*** Block opens ***

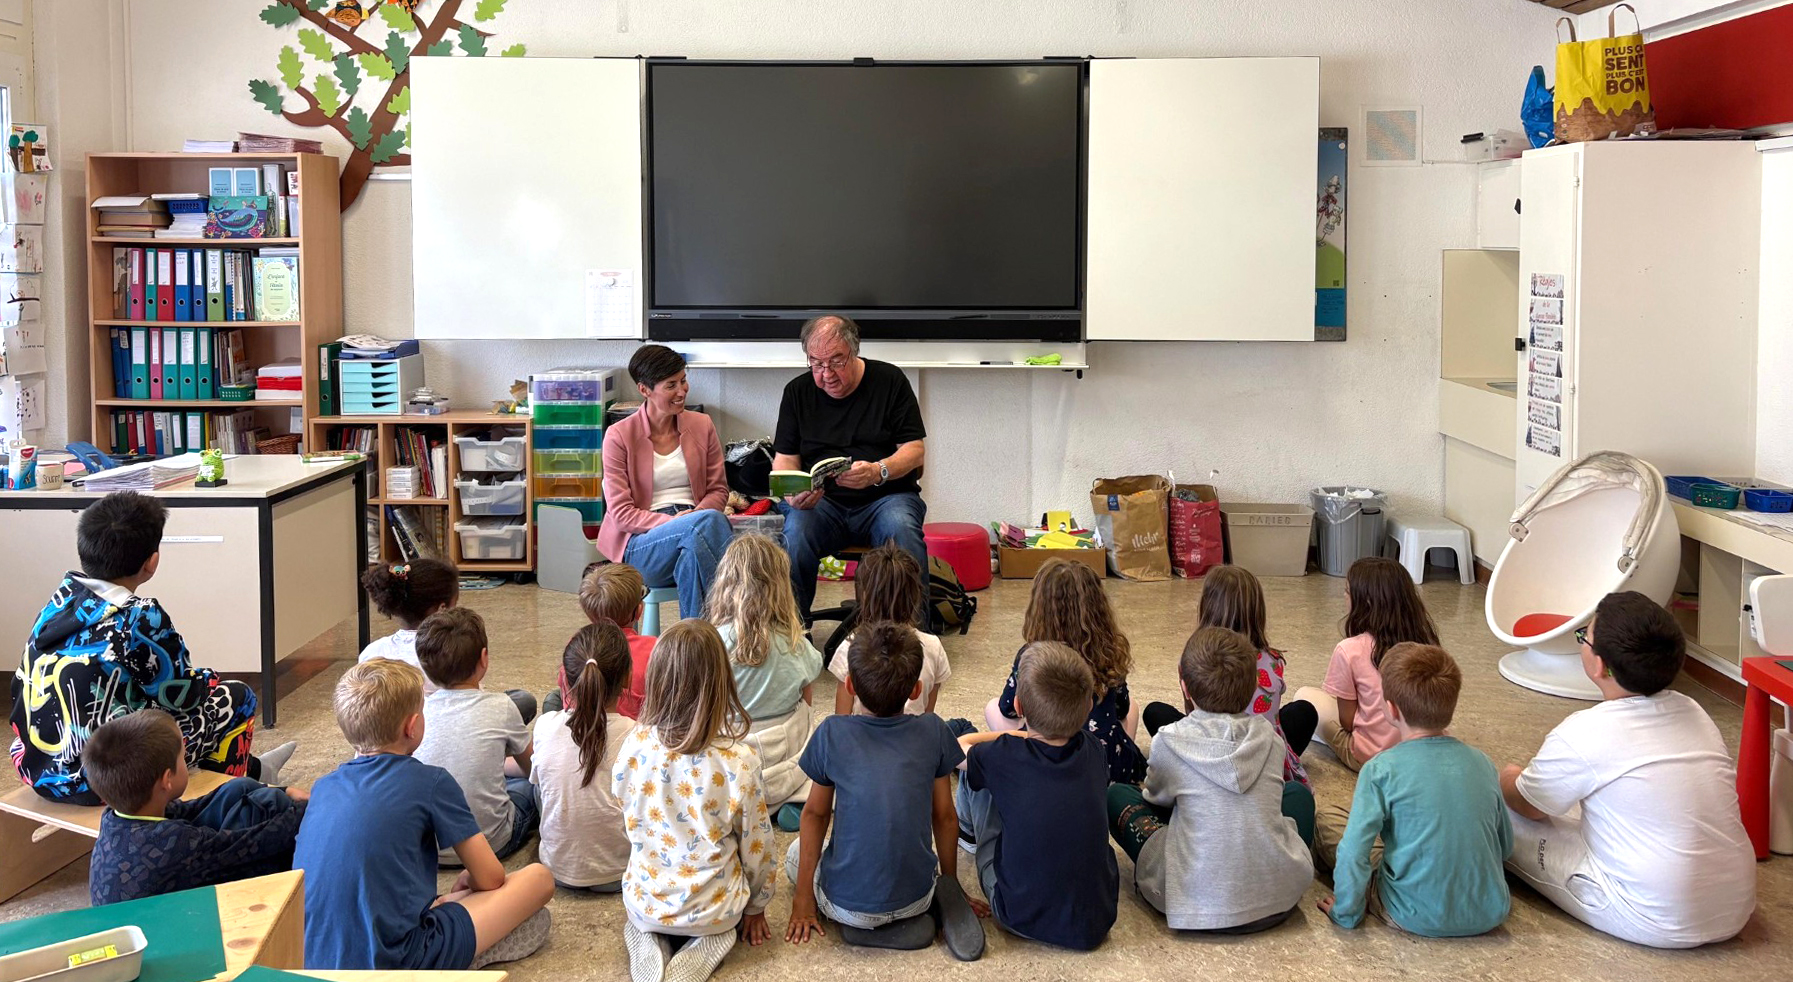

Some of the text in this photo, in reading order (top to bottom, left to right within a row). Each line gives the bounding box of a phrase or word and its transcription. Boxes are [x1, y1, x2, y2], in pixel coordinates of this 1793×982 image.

[1605, 46, 1633, 56] PLUS
[1605, 53, 1644, 71] SENT
[1606, 71, 1627, 79] PLUS
[1606, 77, 1645, 95] BON
[1249, 516, 1291, 525] PAPIER
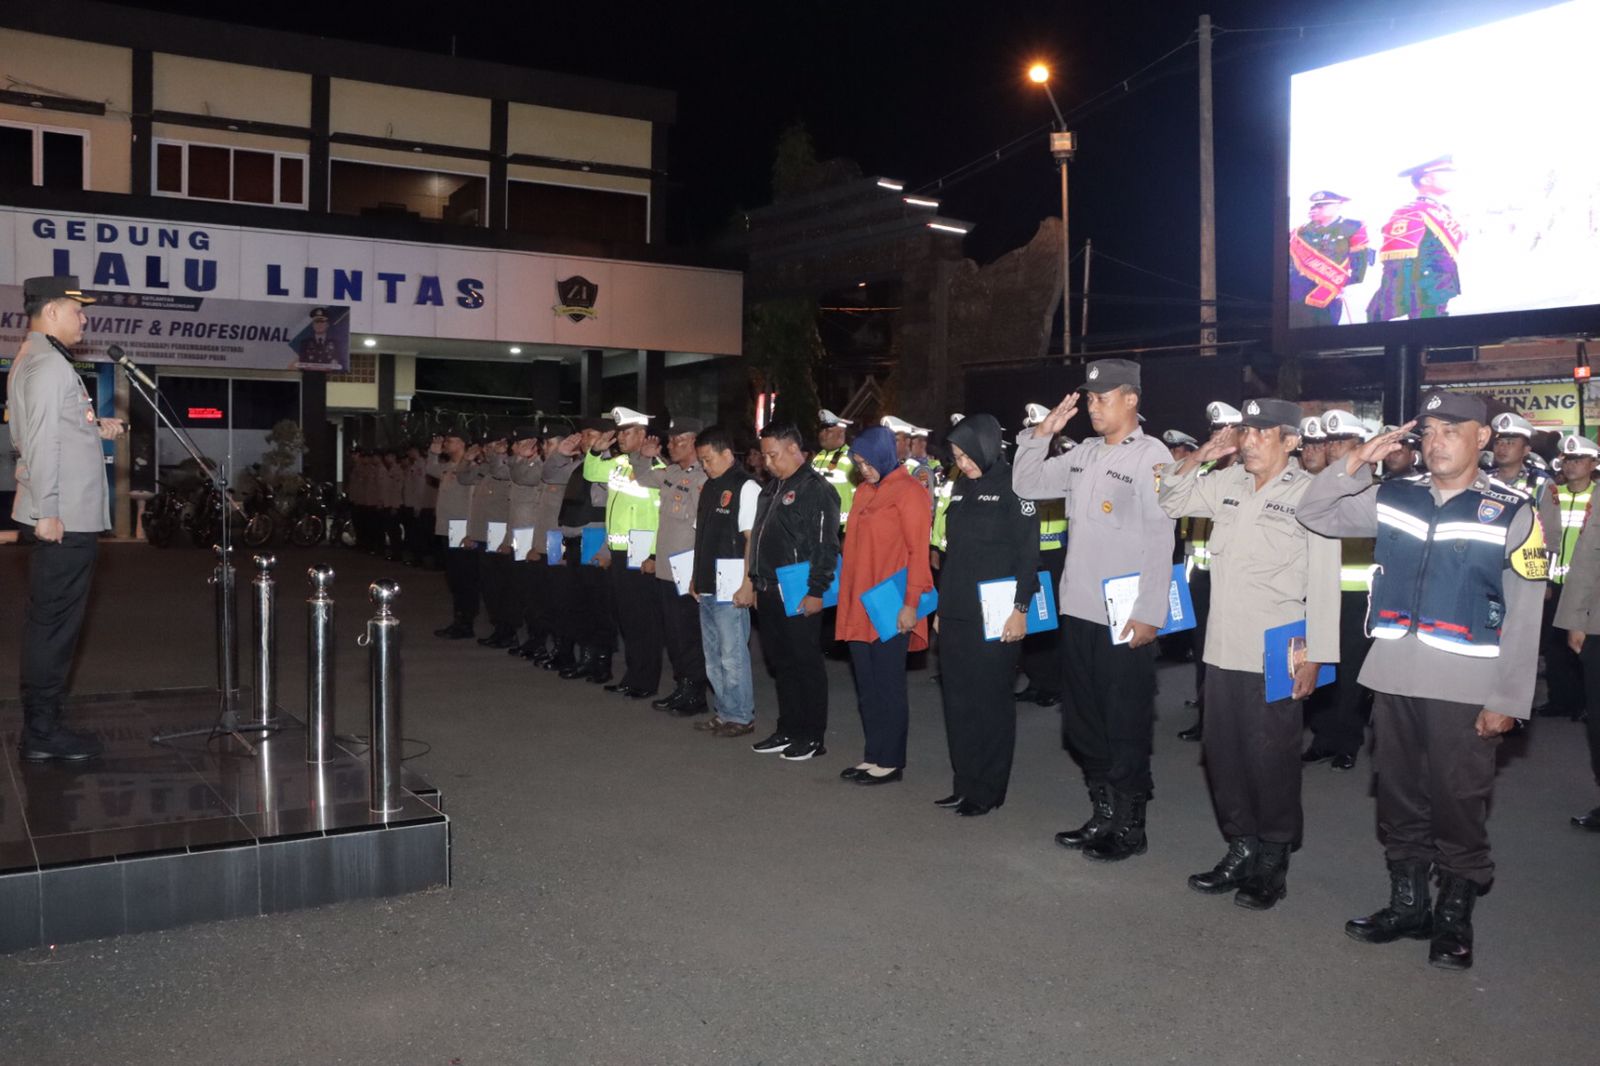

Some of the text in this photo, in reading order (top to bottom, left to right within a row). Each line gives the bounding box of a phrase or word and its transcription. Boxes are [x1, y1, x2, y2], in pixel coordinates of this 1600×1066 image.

[32, 218, 211, 251] GEDUNG
[53, 249, 484, 309] LALU LINTAS
[149, 320, 162, 335] &
[169, 321, 291, 343] PROFESIONAL
[1106, 470, 1133, 484] POLISI
[977, 494, 1000, 502] POLRI
[1265, 502, 1296, 515] POLIS

*** Block closes ***

• [Task description] Only the text of the entries above is to be given again, exactly, with the pictures left out.

• [Output of the task]
Some of the text in this photo, in reading order (top to bottom, left to right within a row). Each line gives the bounding box of a phrase or word and its transcription. Boxes are [x1, y1, x2, y2], in pixel coordinates of this 1793×982 image.

[1605, 46, 1633, 56] PLUS
[1605, 53, 1644, 71] SENT
[1606, 71, 1627, 79] PLUS
[1606, 77, 1645, 95] BON
[1249, 516, 1291, 525] PAPIER

Some of the text in this photo, in reading order (top to bottom, left to right within a row). Each line gives the bounding box of a phrase or word and its transcription. Boxes are [x1, y1, x2, y2], in pixel coordinates of this 1600×1066 image.

[32, 218, 211, 251] GEDUNG
[53, 249, 484, 309] LALU LINTAS
[149, 320, 162, 335] &
[169, 321, 291, 343] PROFESIONAL
[1106, 470, 1133, 484] POLISI
[977, 494, 1000, 502] POLRI
[1265, 502, 1296, 515] POLIS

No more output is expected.